- _Assigned task_:
Below are records that contain pictures; transcribe the text exactly and omit the pictures.

- _Dataset records_:
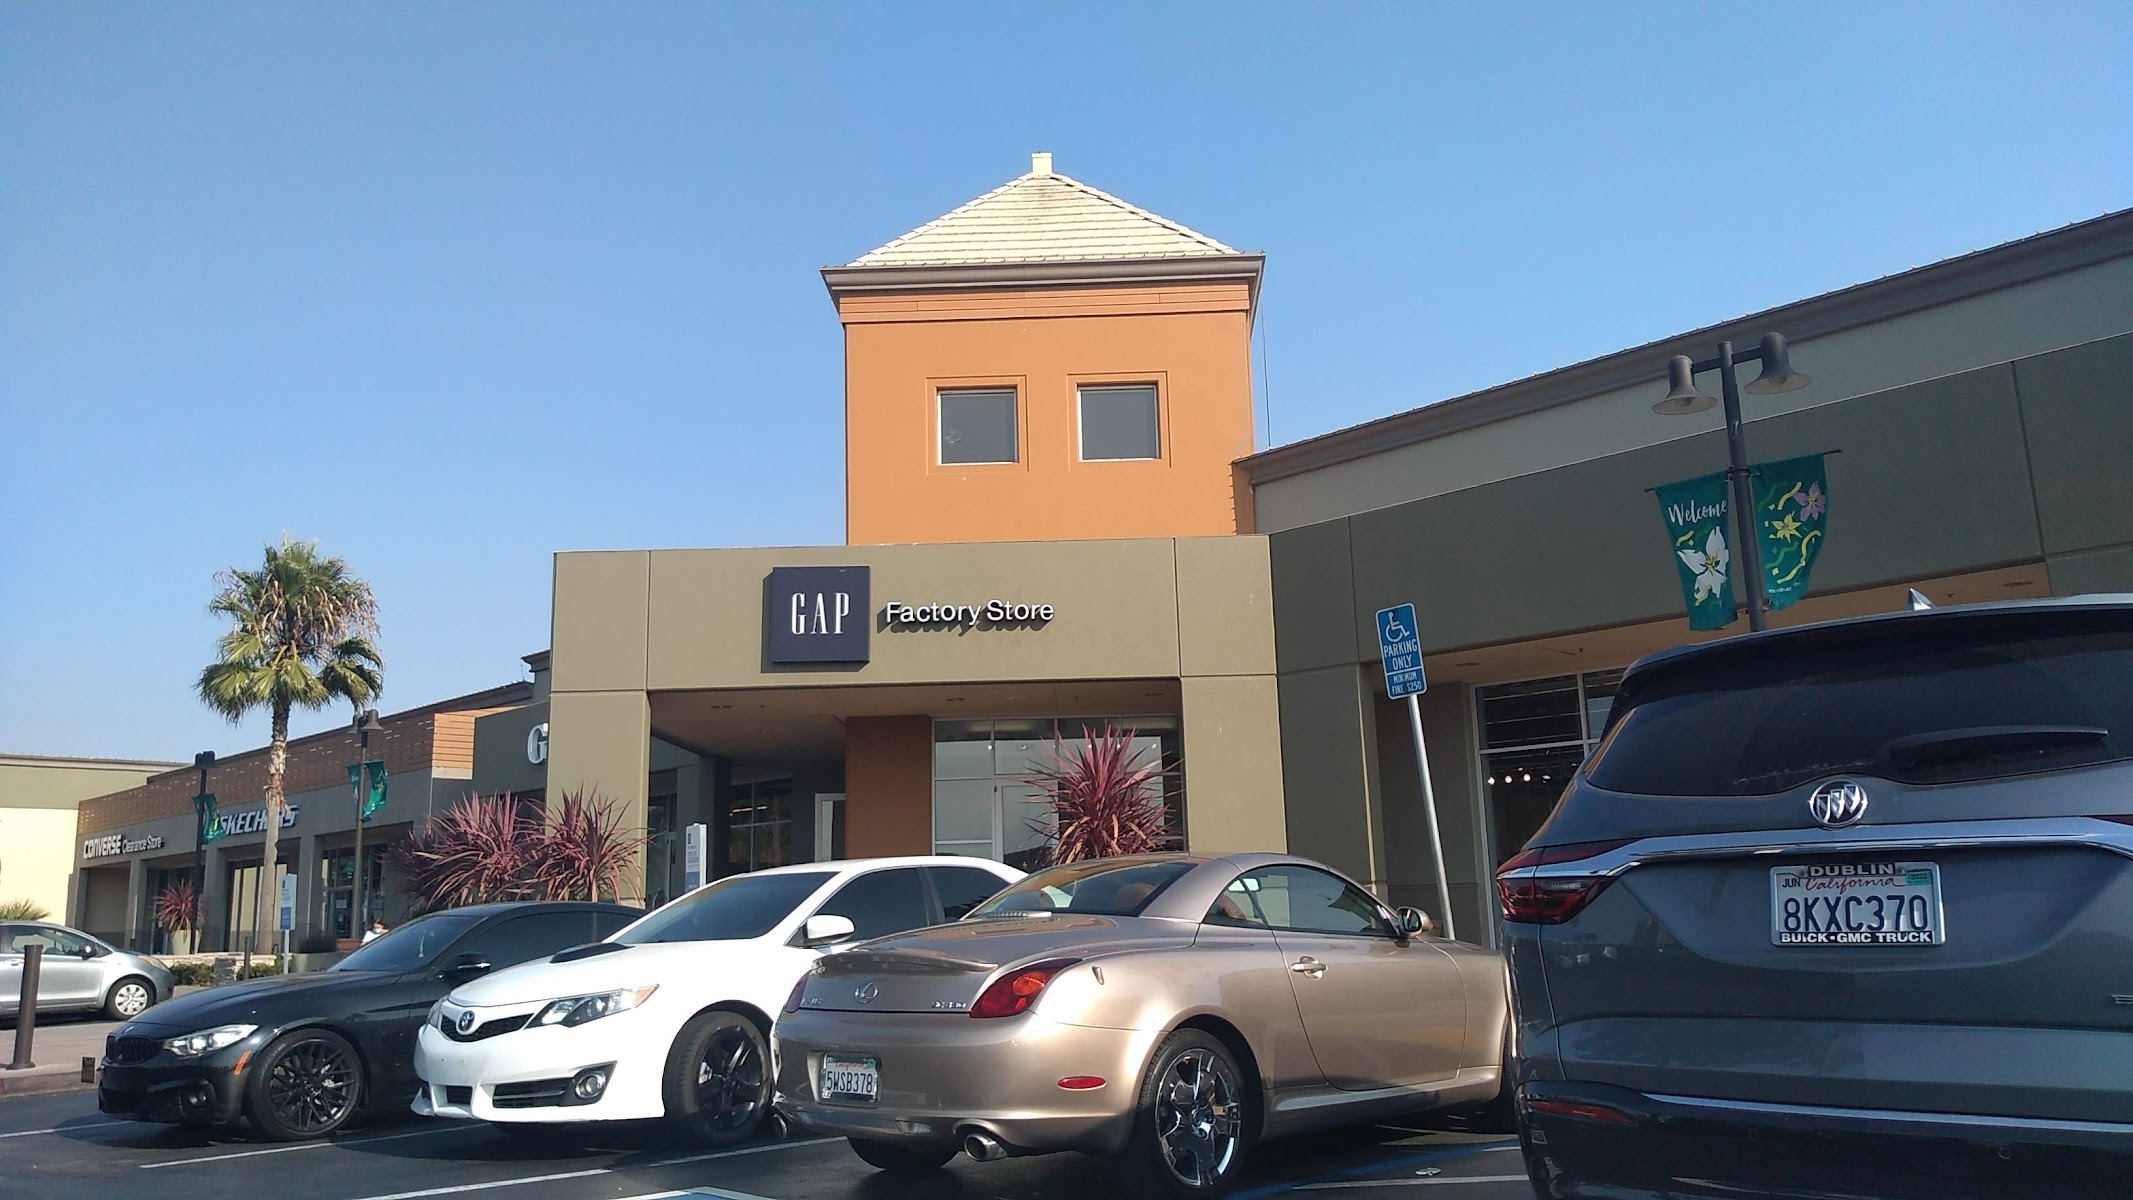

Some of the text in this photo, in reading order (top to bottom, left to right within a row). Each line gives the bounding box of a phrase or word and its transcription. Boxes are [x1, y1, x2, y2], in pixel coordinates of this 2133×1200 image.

[1668, 499, 1727, 526] Welcome
[791, 592, 849, 635] GAP
[886, 599, 1054, 625] Factory Store
[1383, 639, 1417, 658] PARKING
[1392, 654, 1412, 670] ONLY
[1391, 680, 1422, 695] FINE $250
[1393, 671, 1417, 684] MINIMUM
[220, 804, 297, 835] SKECHRS
[83, 834, 162, 859] CONVERSE Clearance Store
[1810, 863, 1895, 877] DUBLIN
[1782, 877, 1800, 888] JUN
[1805, 876, 1906, 895] California
[1783, 894, 1928, 932] 8KXC370
[1876, 931, 1931, 942] TRUCK
[826, 1070, 873, 1093] 5WSB378
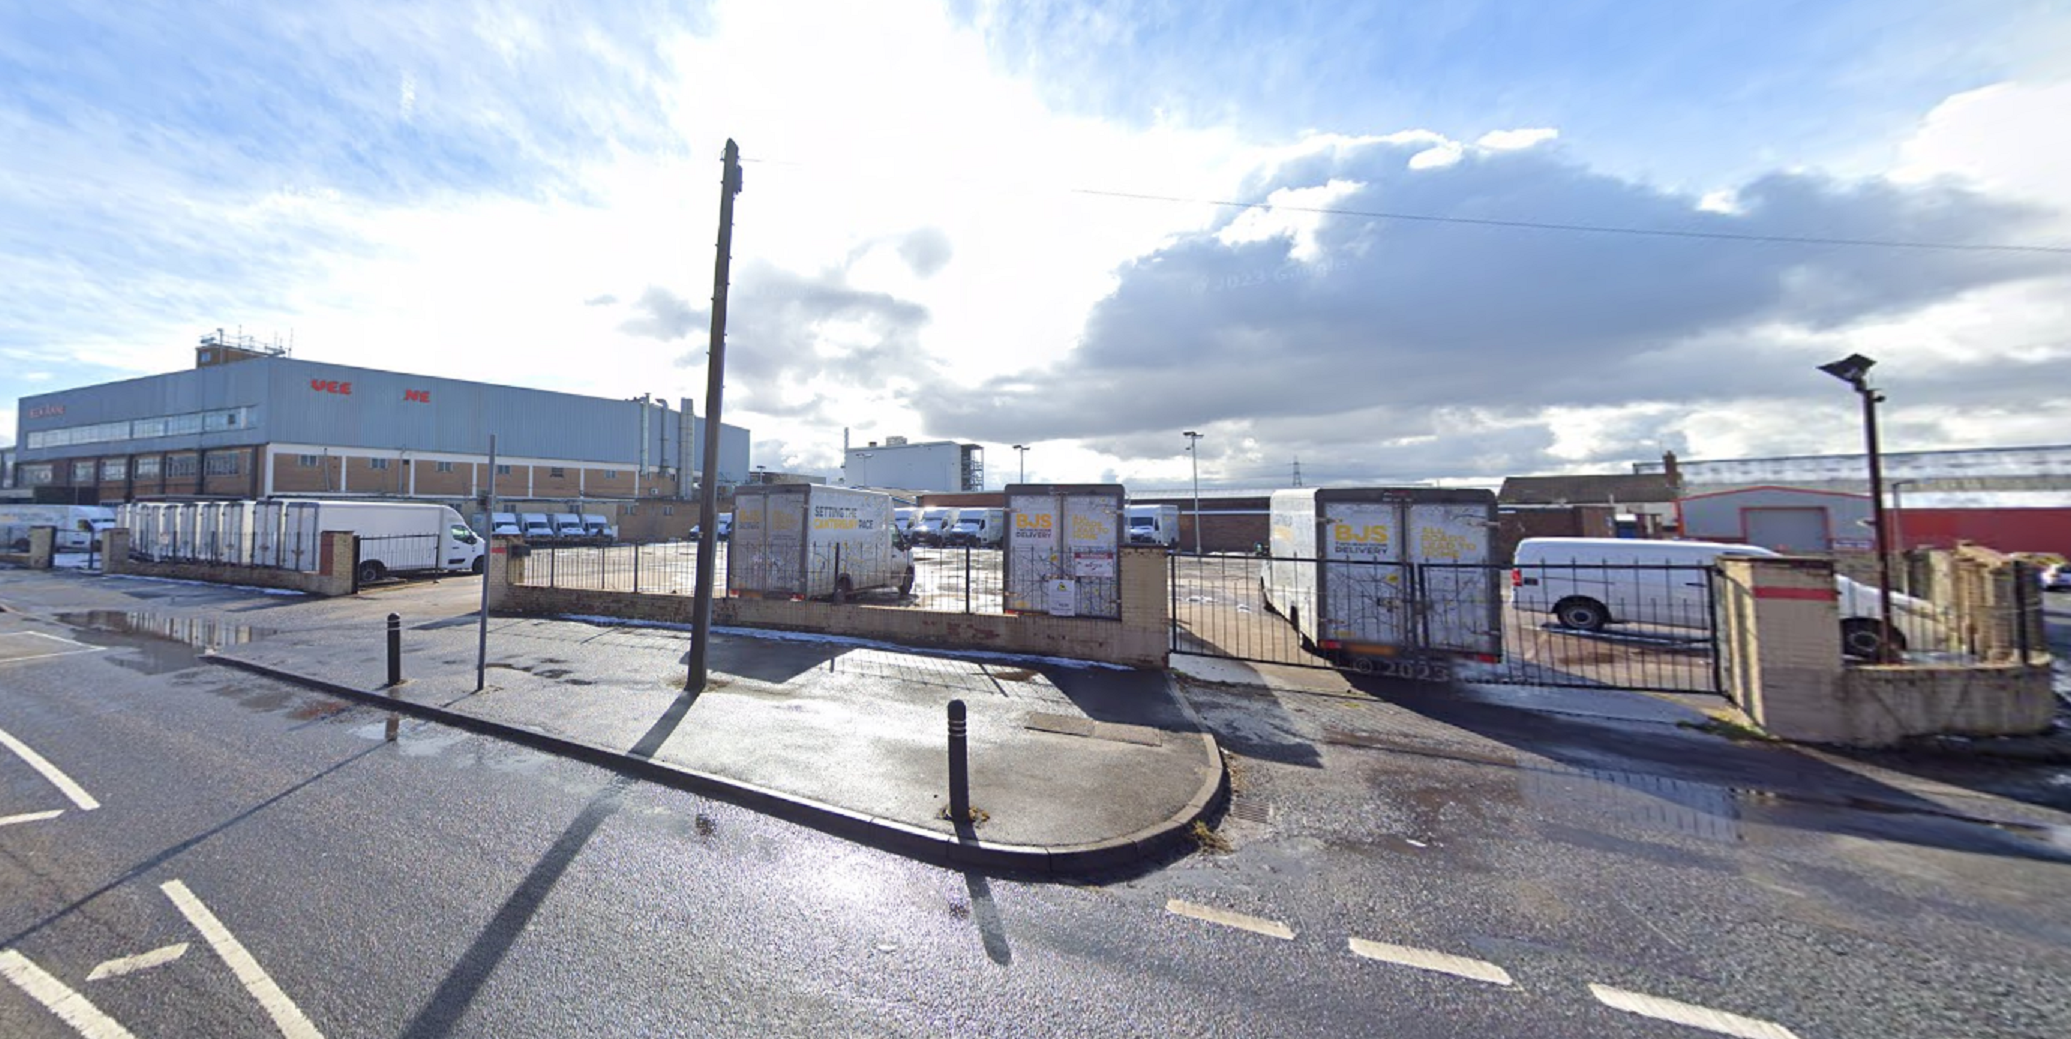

- _Written solution_:
Some of the text in this photo, in reading order (top to bottom, left to right within a row). Each line gives the bounding box of a phrase or word and its transcription. Boxes are [x1, y1, x2, y2], in pixel coordinates of this 2133×1200 image.

[1668, 499, 1727, 526] Welcome
[791, 592, 849, 635] GAP
[886, 599, 1054, 625] Factory Store
[1383, 639, 1417, 658] PARKING
[1392, 654, 1412, 670] ONLY
[1391, 680, 1422, 695] FINE $250
[1393, 671, 1417, 684] MINIMUM
[220, 804, 297, 835] SKECHRS
[83, 834, 162, 859] CONVERSE Clearance Store
[1810, 863, 1895, 877] DUBLIN
[1782, 877, 1800, 888] JUN
[1805, 876, 1906, 895] California
[1783, 894, 1928, 932] 8KXC370
[1876, 931, 1931, 942] TRUCK
[826, 1070, 873, 1093] 5WSB378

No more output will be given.